I recently had the pleasure of reconnecting with fellow diabetes blogger, yoga instructor, friend, and now author Rachel Zinman in Sydney this May.
Rachel and I first connected back in 2015 during our first Diabetes Blog Week, and I’ve since ended up with a super fan that I can’t seem to get rid of! Despite the two of us having completely different backgrounds, Rachel is one of those people who is so easy to get along with. She is so warm, enthusiastic and really takes everything in around her.
Rachel has been a massive source of support, encouragement and inspiration in my blogging and advocacy efforts. She comes across exactly as I imagined her online, which I think is a true testament to her character.
I’ve been so inspired watching Rachel’s efforts in getting her book, Yoga for Diabetes: How to Manage Your Health With Yoga and Ayurveda, off the ground. After a successful crowdfunding campaign, Rachel eventually got the attention of a publisher and has since been putting her energy into a book tour across the US over the Summer.
Since returning to Australia earlier this year, Rachel has been touring the East Coast teaching Yoga and launching Yoga for Diabetes. After asking where the best place was for me to buy the book, Rachel produced one for me from the back seat of her car.
Rachel opens the book with her own story, talking about the long hours spent in New York learning about and teaching Yoga under a mentor. After experiencing the horror of 9/11, Rachel moved back home to Byron Bay, Australia with her young family. As a health conscious person, Rachel was in disbelief upon learning that a routine blood test showed a slightly elevated hba1c at the age of 42. With a slower onset of type 1 diabetes (LADA), Rachel spent many years trying to cure herself with natural remedies before finally accepting her diagnosis and taking insulin.
The book has definitely been written in the spirit of inspiring beginners like myself that Yoga could be for me. Rachel delves into the concept of Ayurveda, which is an ancient ‘science of life.’ She talks us through the three doshas – Vata, Pitta and Kapha – which are elements that combine in our bodies in varying amounts.
Exploring the characteristics of each of these three doshas was pivotal in connecting me to the concept of Yoga. I could really relate to qualities of a Vata Dosha such as being enthusiastic, full of ideas, unnecessarily overwhelmed and thin (I already hear that more than enough!). To a lesser degree, I could also relate to Pitta qualities such as being very focussed and hardworking, while also feeling occasional frustration and burnout.

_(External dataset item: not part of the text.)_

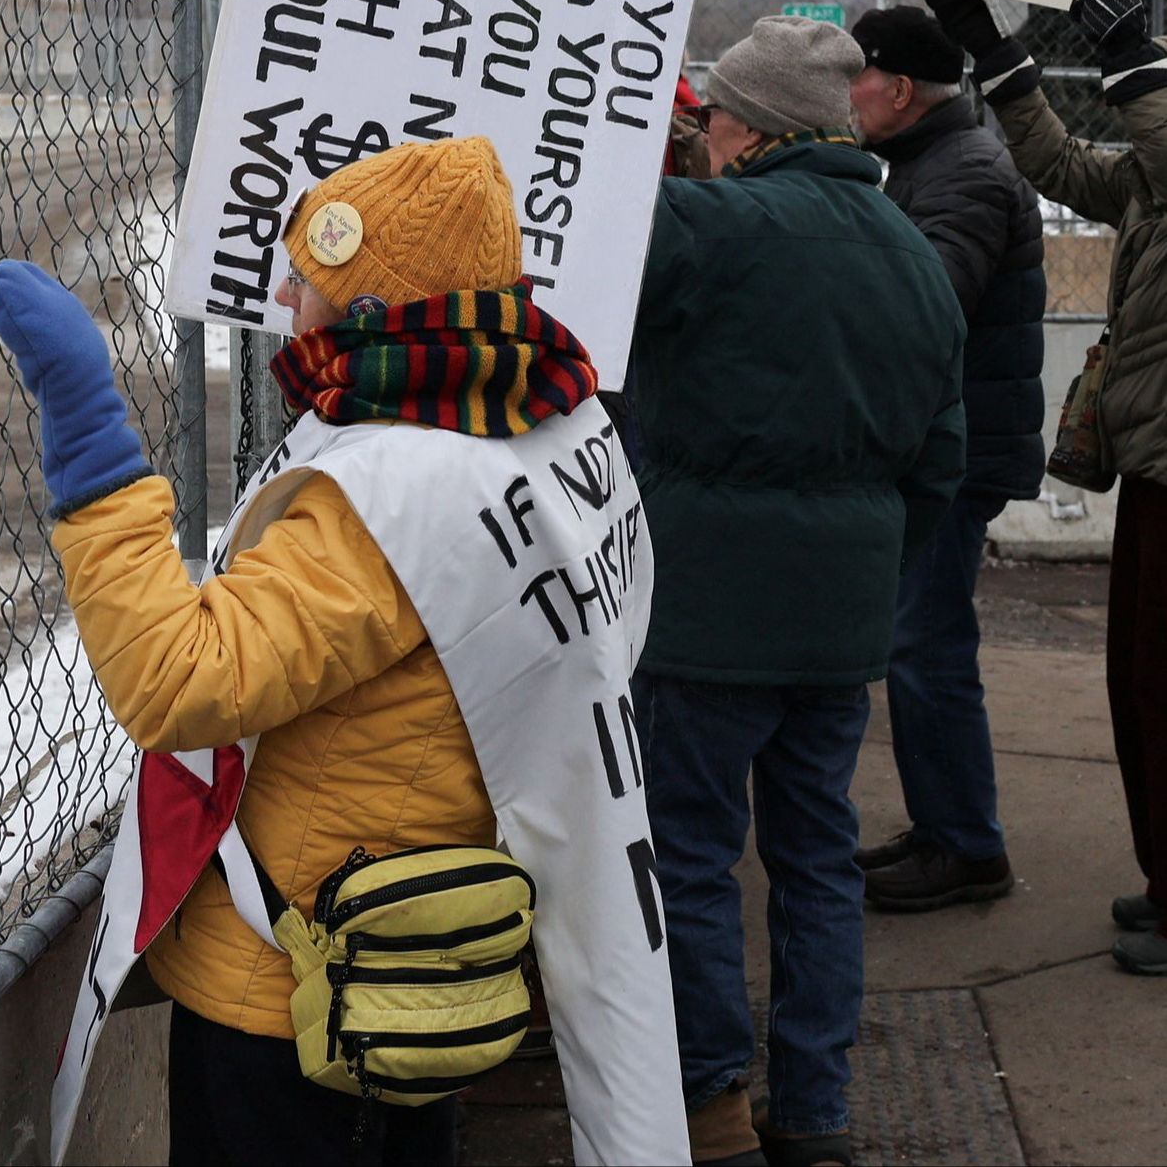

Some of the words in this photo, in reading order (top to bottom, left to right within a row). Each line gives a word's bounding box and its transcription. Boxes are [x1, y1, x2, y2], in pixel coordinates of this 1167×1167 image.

Knowing what dosha, or combination of dosha you are, is pivotal in identifying the kind of Yoga practice best suited to you. There’s a questionnaire later in the book that will give you an answer, followed by many beautifully illustrated sequences customised to your Dosha.
The book moves onto the mind, as Rachel explains that Yoga can help us to become more aware of our thoughts and get us out of our habitual need to identify with them. Especially when it comes to the thoughts about our condition, Yoga can help us to feel content, relaxed and not thinking about diabetes for a moment.
The breathing and meditation exercises illustrated in the following two chapters gave me a good idea of what Rachel was talking about in regard to the mind. Getting on the ground and practicing some of the breathing exercises left me feeling really relaxed, focussing purely on things like feeling breath moving from my chest to my belly.
So what can Yoga offer those of us living with diabetes? In Rachel’s own words:
“A simple break from the intensity of all that the body throws at us.”
“Practices, lifestyle changes and systems of thought that enable me to face this condition each and every day with a positive outlook.”
“A great friend and companion that will hold your hand through all of the ups and downs that you are bound to experience.”
Over the course of this year, self care has become a pretty big priority for me to avoid burning out (more on that soon). Knowing absolutely nothing about Yoga, I guess I was most intrigued as to whether this book might help me to find a bit more mindfulness in my life. While I don’t think I’ll become a devoted yogi like Rachel, I have found another awesome self care tool to help put my mind at ease, particularly during these short Winter days when I don’t get outdoors as often as I’d like.